Sentinus
- Formation: 23 March 1987
- Founder: Gordon Topping
- Type: Charitable organisation
- Registration no.: NI102064
- Legal status: Non-profit
- Focus: STEM
- Location: Lisburn;
- Region served: Northern Ireland
- Website: Official Site
- Formerly called: Industry Matters (Northern Ireland) (1987-2001)

= Sentinus =

Northern Irish educational charity

Sentinus is an educational charity based in Lisburn, Northern Ireland that provides educational programs for young people interested in science, technology, engineering and mathematics (STEM).

==History==
Northern Ireland produces around 2,000 qualified IT workers each year; there are around 16,000 IT jobs in the Northern Ireland economy.

==Function==
It works with EngineeringUK and the Council for the Curriculum, Examinations & Assessment (CCEA). It works with primary and secondary schools in Northern Ireland.

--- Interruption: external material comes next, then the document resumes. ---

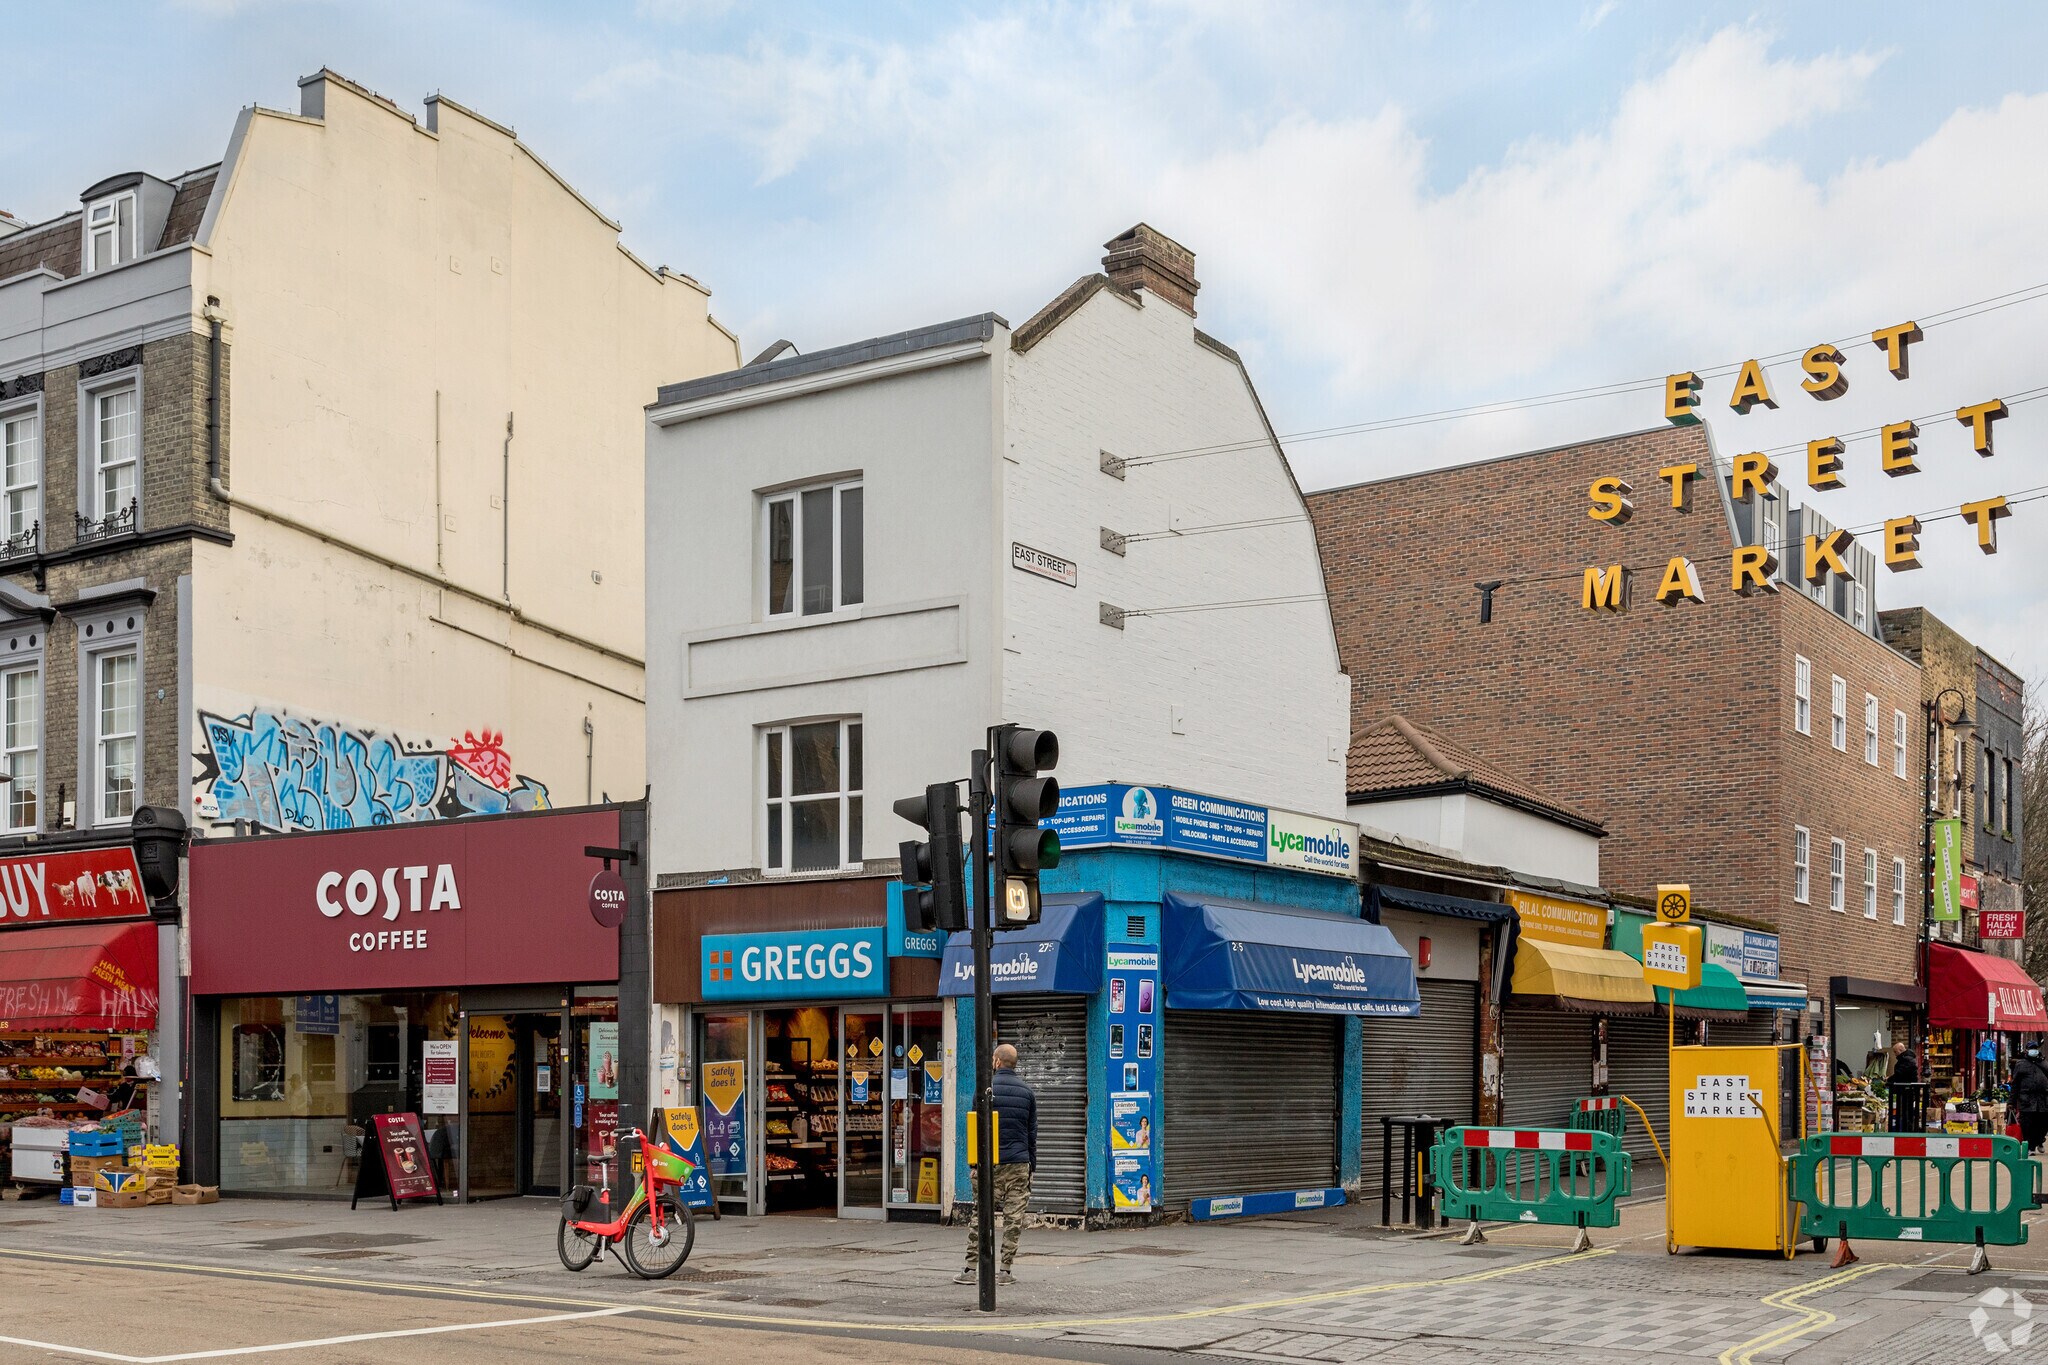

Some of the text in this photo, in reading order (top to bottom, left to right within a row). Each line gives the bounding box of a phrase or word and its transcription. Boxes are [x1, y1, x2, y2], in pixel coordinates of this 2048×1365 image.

It runs summer placements for IT workshops for those of sixth form age (16-18). It offers Robotics Roadshows for primary school children.

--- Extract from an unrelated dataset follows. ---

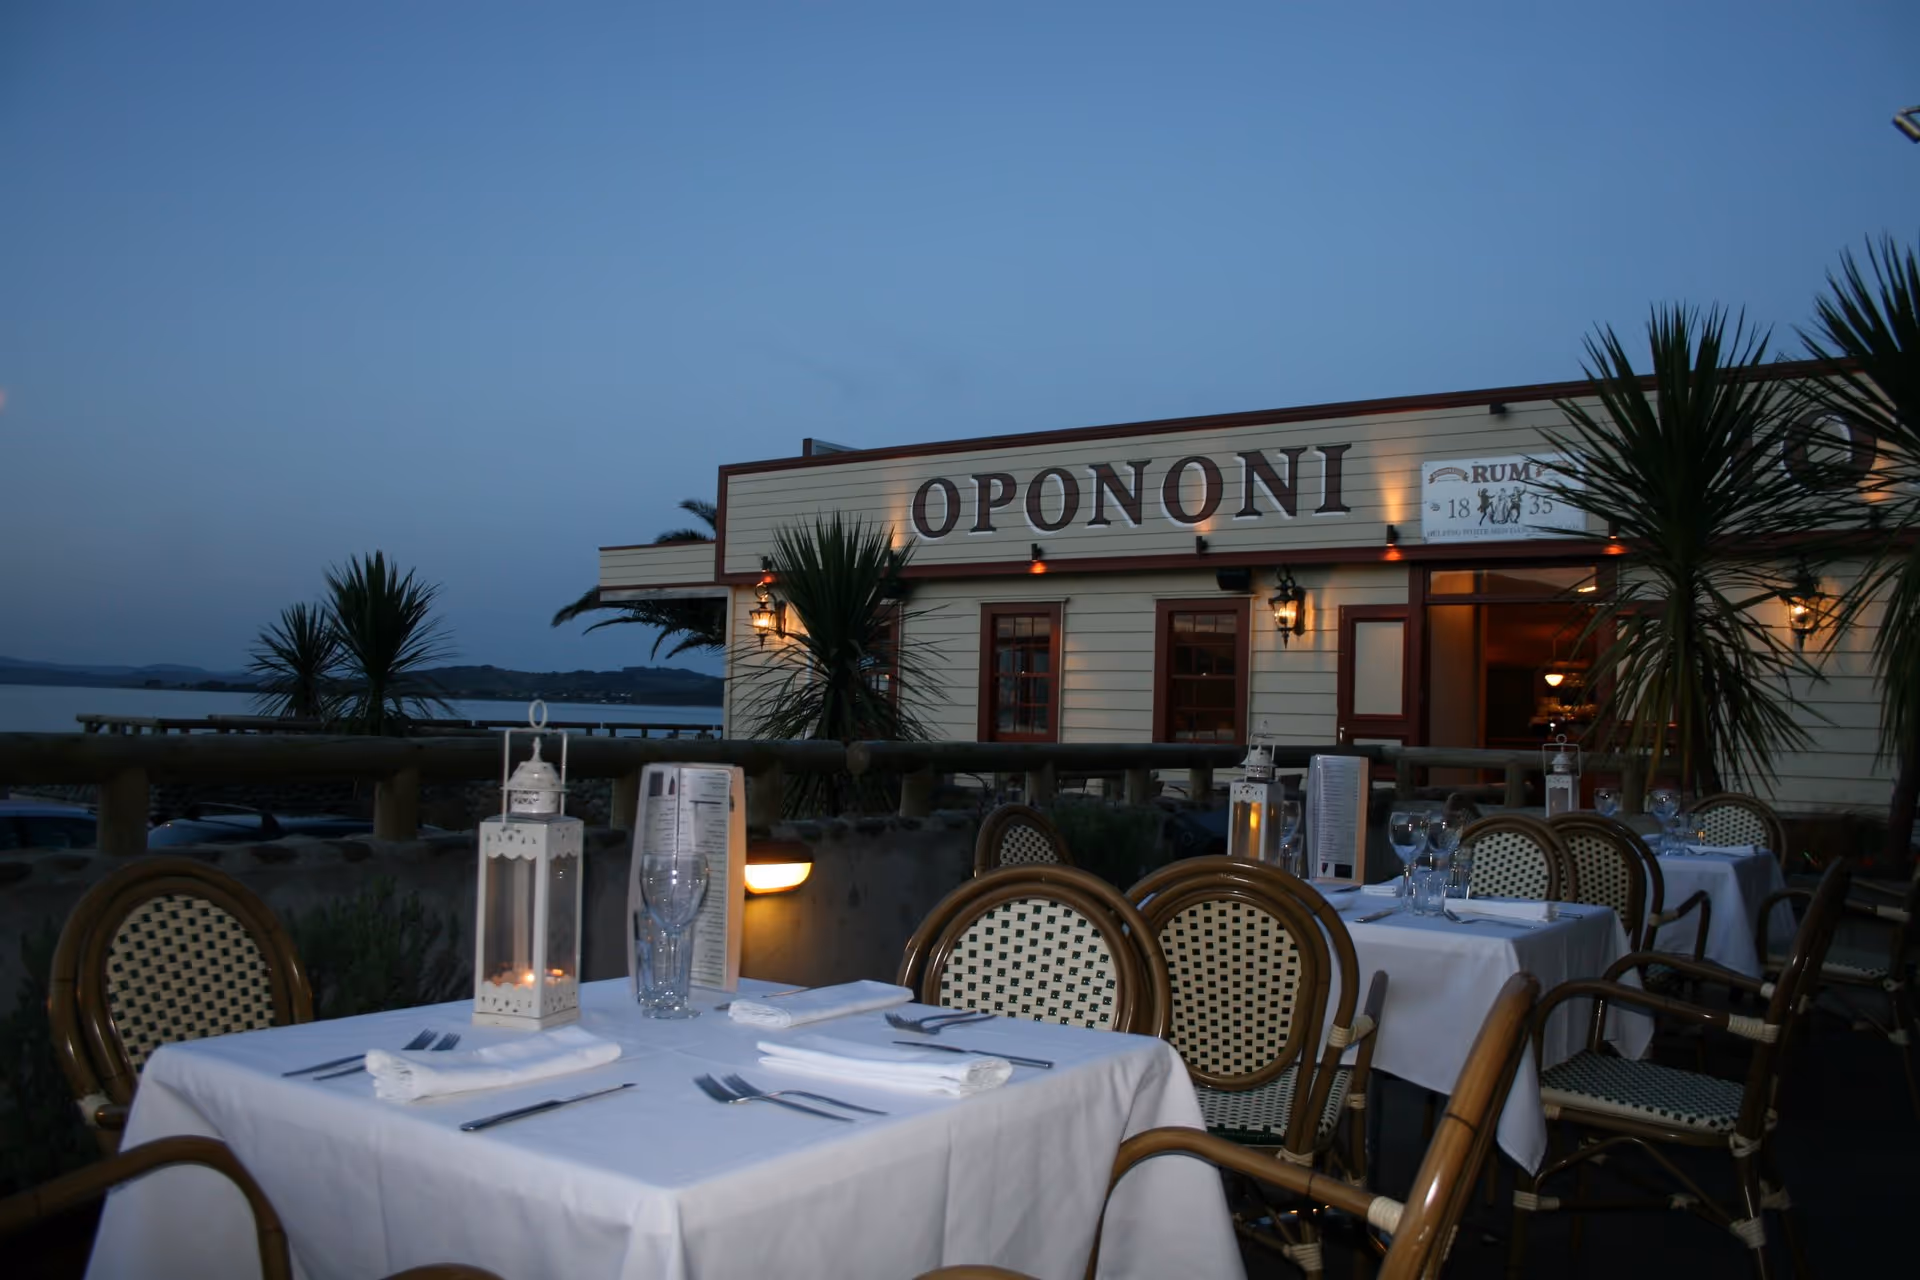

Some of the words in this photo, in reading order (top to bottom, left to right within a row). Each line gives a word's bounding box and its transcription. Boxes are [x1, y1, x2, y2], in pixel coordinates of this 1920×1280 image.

[1471, 462, 1532, 484] RUM
[911, 443, 1352, 541] OPONONI
[1448, 498, 1471, 519] 18
[1529, 494, 1553, 515] 35

==Sentinus Young Innovators==

Sentinus hosts the annual Big Bang Northern Ireland Fair which incorporates Sentinus Young Innovators. This is a one day science and engineering project exhibition for post-primary students. It is one of largest such events in the United Kingdom. In 2019 over 3,000 students participated from 130 schools across both Northern Ireland and the Republic of Ireland.

The competition is affiliated with the International Science and Engineering Fair (ISEF) and the Broadcom MASTERS program. The overall winner represents Northern Ireland at the following year's ISEF.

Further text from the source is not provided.